Assigned task:
In your copy, reproduce each entry exactly and leave out the pictures.

Segment Start: Input for this task

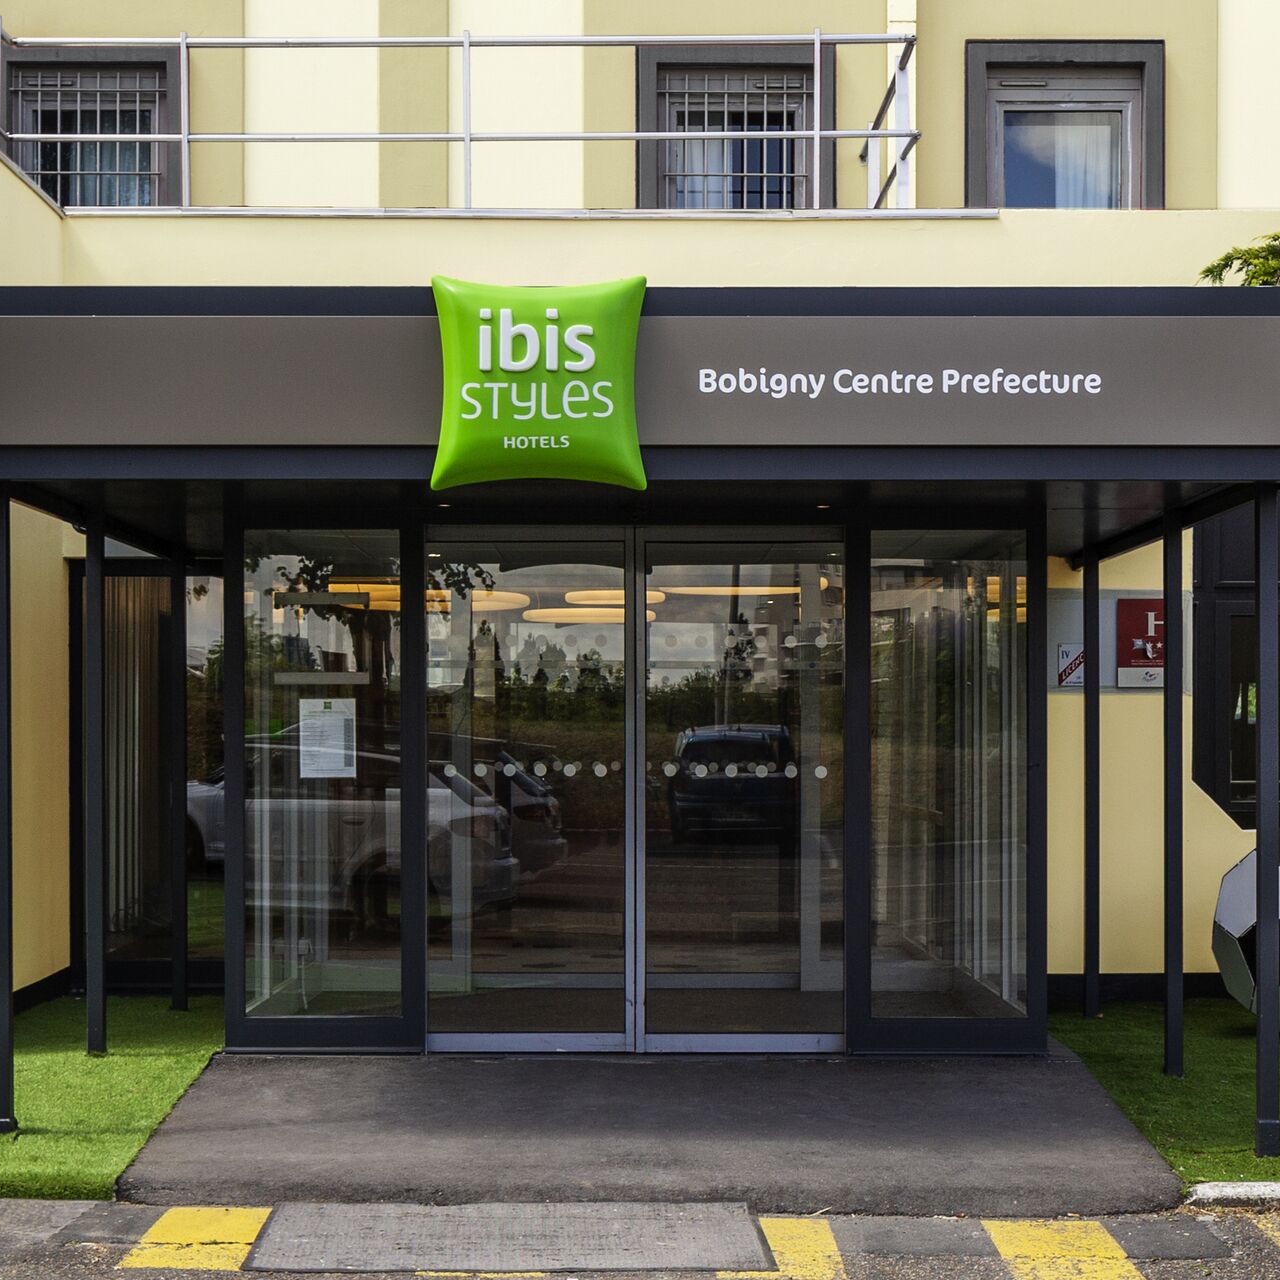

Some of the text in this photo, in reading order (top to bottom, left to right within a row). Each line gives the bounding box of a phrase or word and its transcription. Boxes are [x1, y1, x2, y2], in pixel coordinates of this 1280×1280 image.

[479, 308, 596, 372] ibis
[698, 367, 1102, 399] Bobigny Centre Prefecture
[503, 435, 570, 449] HOTELS
[1061, 650, 1070, 659] IV
[1061, 652, 1085, 680] LICENC

Segment End: Input for this task

Result:
Some of the text in this photo, in reading order (top to bottom, left to right within a row). Each line gives the bounding box of a phrase or word and its transcription. Boxes are [x1, y1, x2, y2], in pixel coordinates of this 1280×1280 image.

[479, 308, 596, 372] ibis
[698, 367, 1102, 399] Bobigny Centre Prefecture
[503, 435, 570, 449] HOTELS
[1061, 650, 1070, 659] IV
[1061, 652, 1085, 680] LICENC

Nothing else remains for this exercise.